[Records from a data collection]
-=-=-=-=-
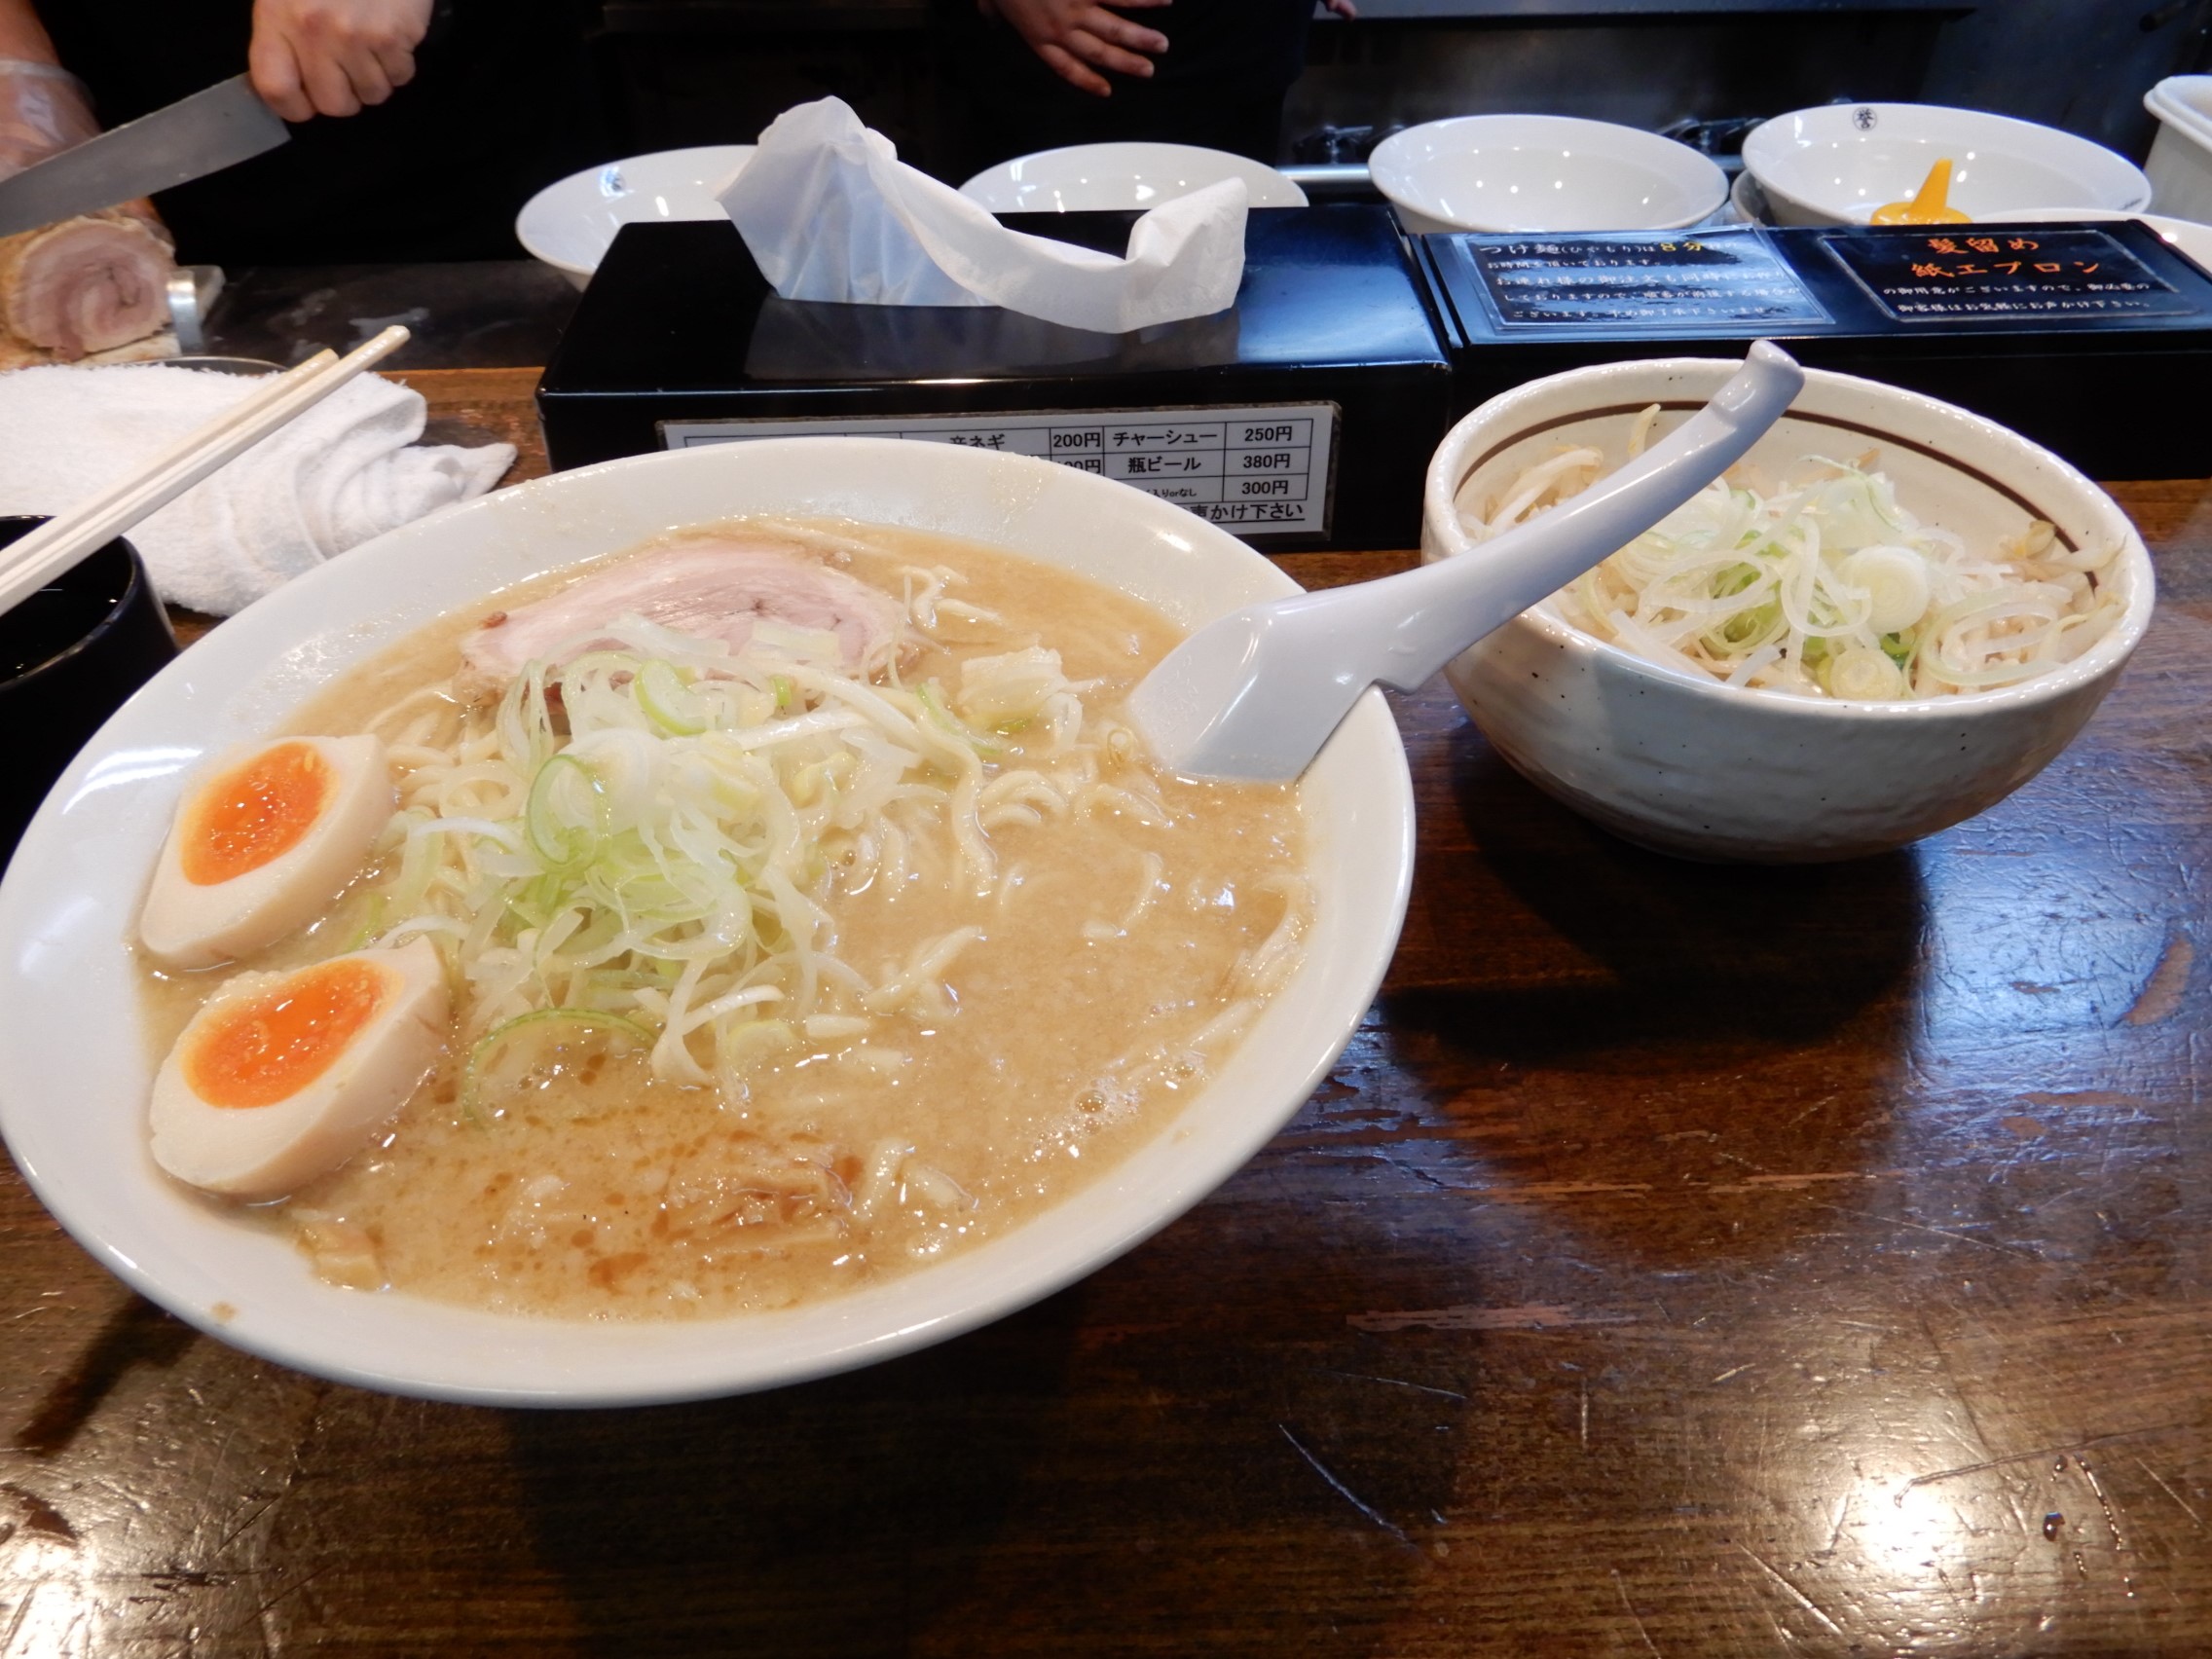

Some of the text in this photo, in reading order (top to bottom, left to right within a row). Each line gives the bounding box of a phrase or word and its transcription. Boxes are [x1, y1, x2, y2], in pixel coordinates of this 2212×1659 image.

[1928, 238, 2039, 254] 髪留め
[1911, 260, 2099, 278] 紙エプロン
[1053, 432, 1101, 448] 200円
[1113, 428, 1218, 447] チャーシュー
[1244, 425, 1292, 442] 250円
[1127, 456, 1201, 474] 瓶ビール
[1243, 454, 1291, 469] 380円
[1241, 480, 1289, 496] 300円
[1186, 503, 1304, 520] 声かけ下さい
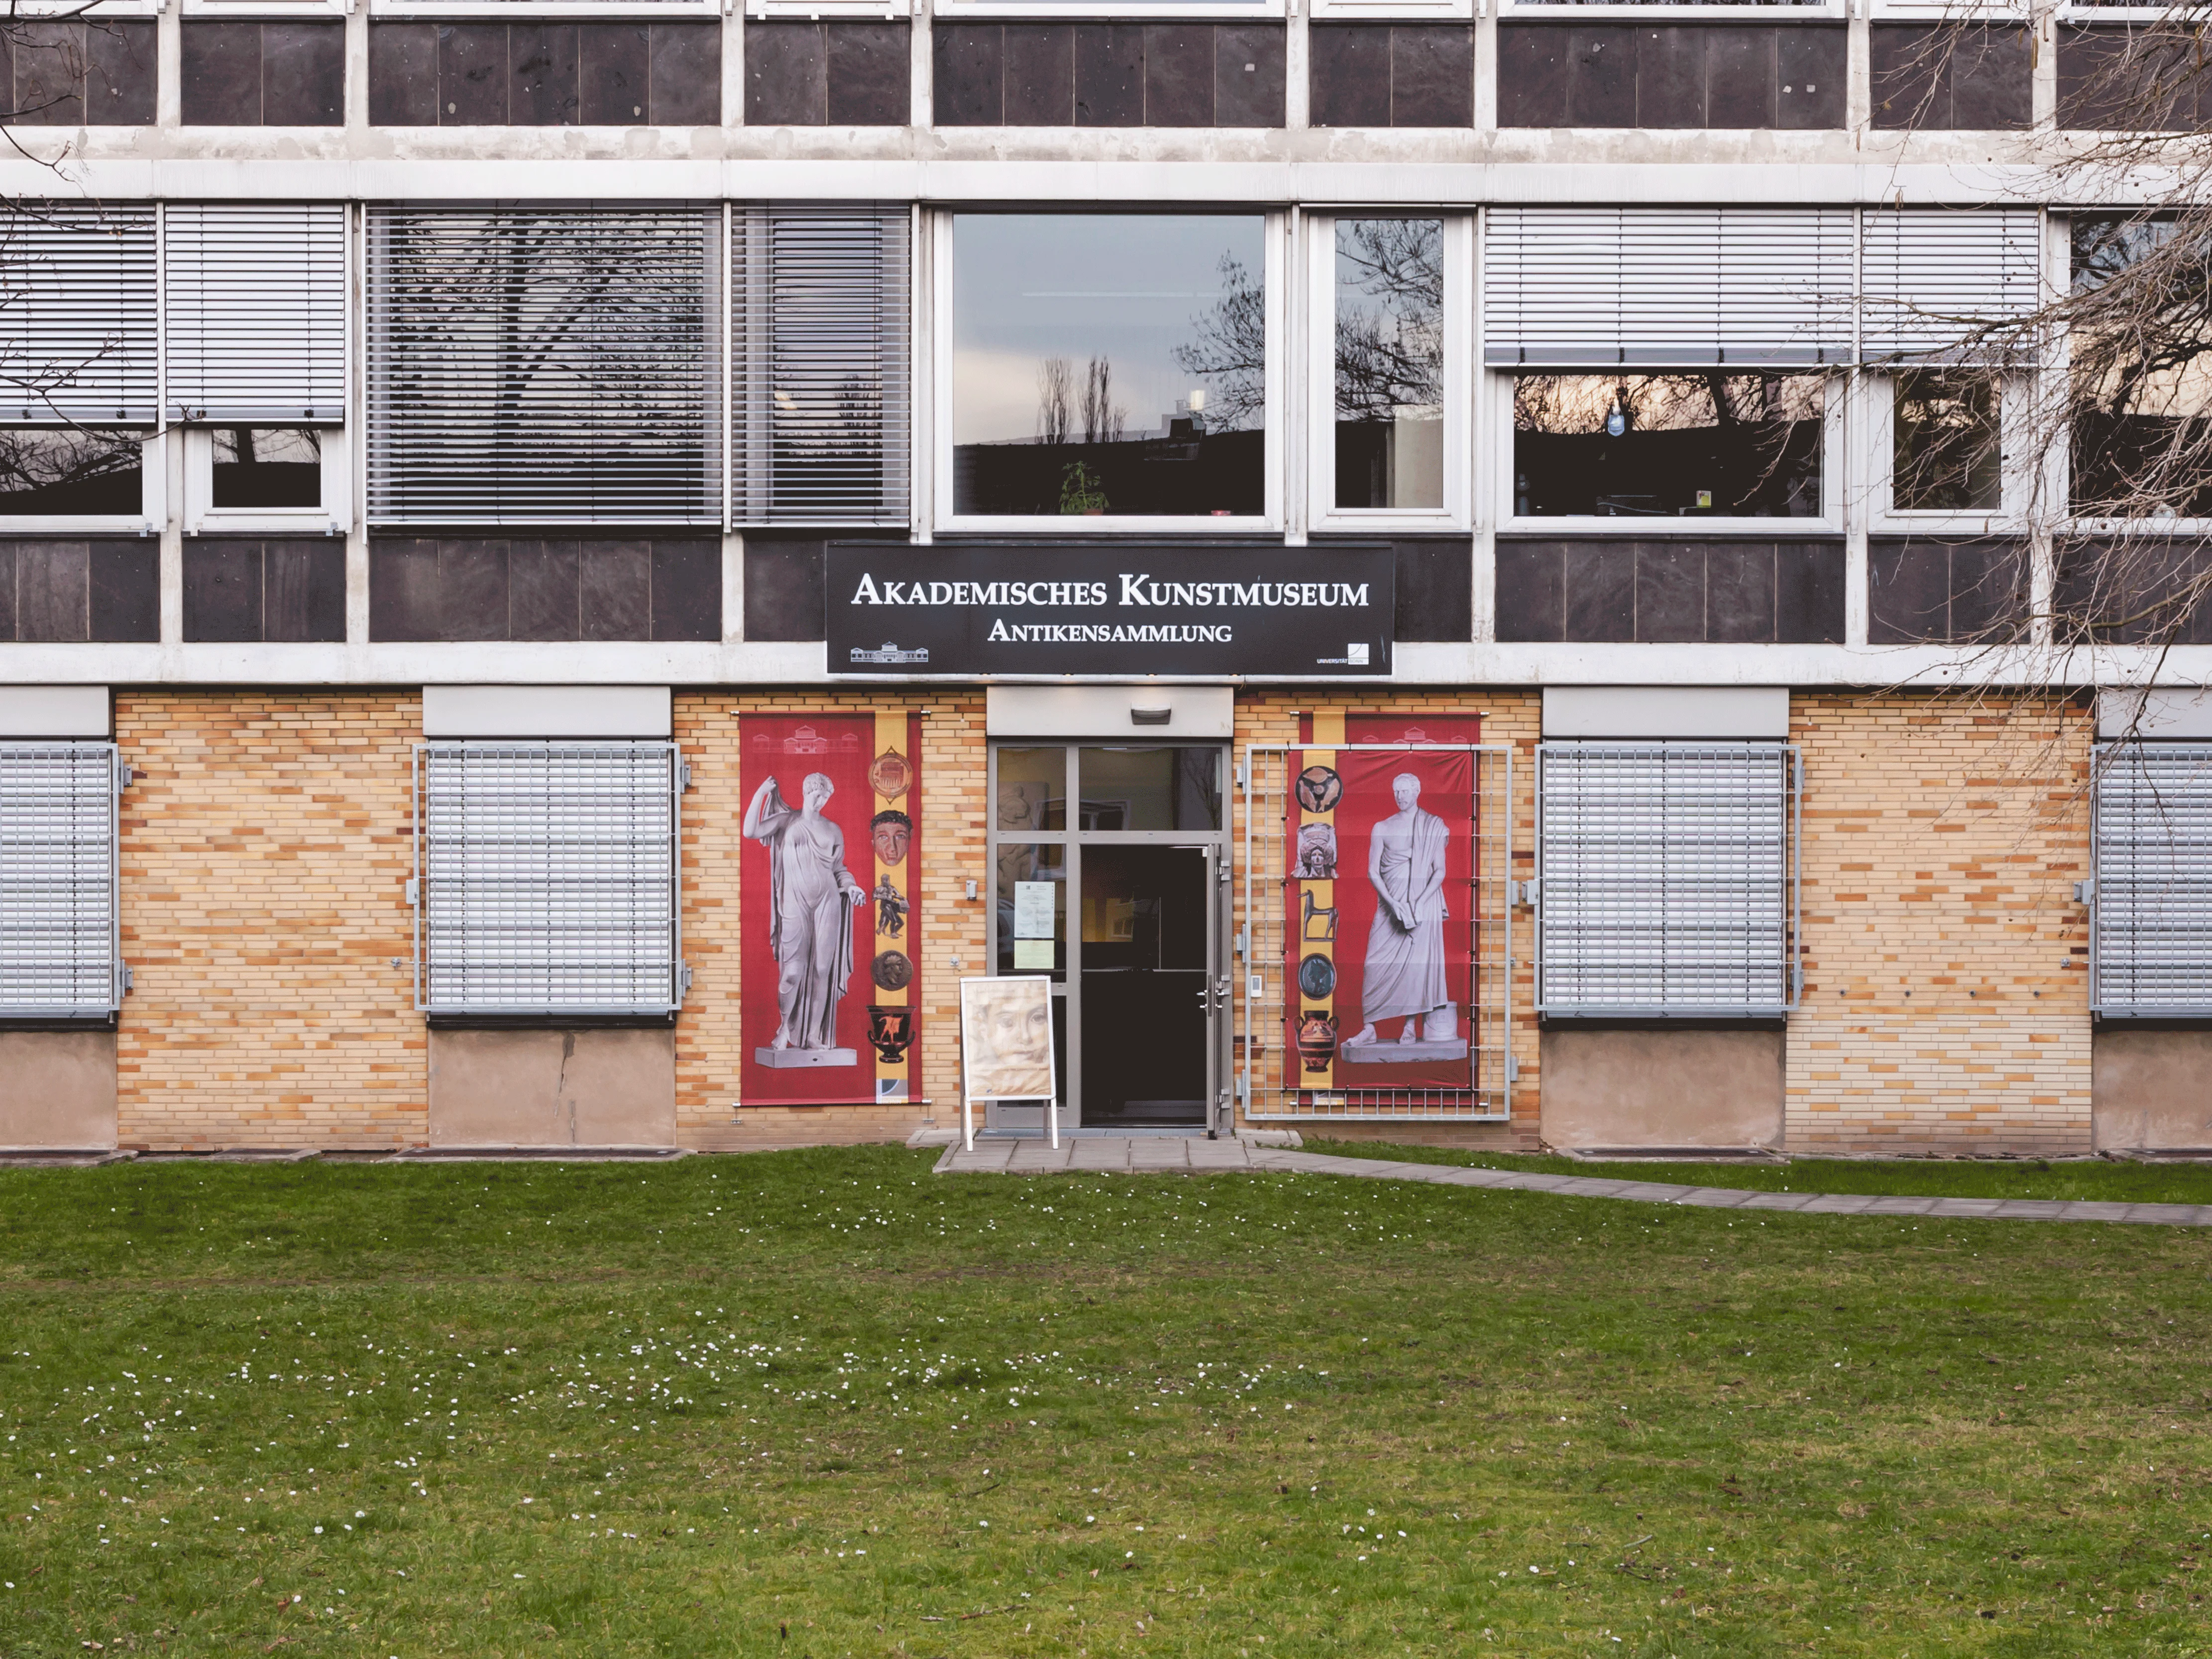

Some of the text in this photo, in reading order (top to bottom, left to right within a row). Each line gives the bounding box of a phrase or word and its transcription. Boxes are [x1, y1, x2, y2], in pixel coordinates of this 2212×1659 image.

[851, 573, 1369, 606] AKADEMISCHES KUNSTMUSEUM
[987, 618, 1232, 642] ANTIKENSAMMLUNG
-=-=-=-=-
Could you transcribe all of the data exactly and omit the pictures?

REPLY TO THE EXERCISE:
Some of the text in this photo, in reading order (top to bottom, left to right within a row). Each line gives the bounding box of a phrase or word and its transcription. Boxes are [x1, y1, x2, y2], in pixel coordinates of this 2212×1659 image.

[1928, 238, 2039, 254] 髪留め
[1911, 260, 2099, 278] 紙エプロン
[1053, 432, 1101, 448] 200円
[1113, 428, 1218, 447] チャーシュー
[1244, 425, 1292, 442] 250円
[1127, 456, 1201, 474] 瓶ビール
[1243, 454, 1291, 469] 380円
[1241, 480, 1289, 496] 300円
[1186, 503, 1304, 520] 声かけ下さい

Some of the text in this photo, in reading order (top to bottom, left to right within a row). Each line gives the bounding box of a phrase or word and its transcription. Boxes are [x1, y1, x2, y2], in pixel coordinates of this 2212×1659 image.

[851, 573, 1369, 606] AKADEMISCHES KUNSTMUSEUM
[987, 618, 1232, 642] ANTIKENSAMMLUNG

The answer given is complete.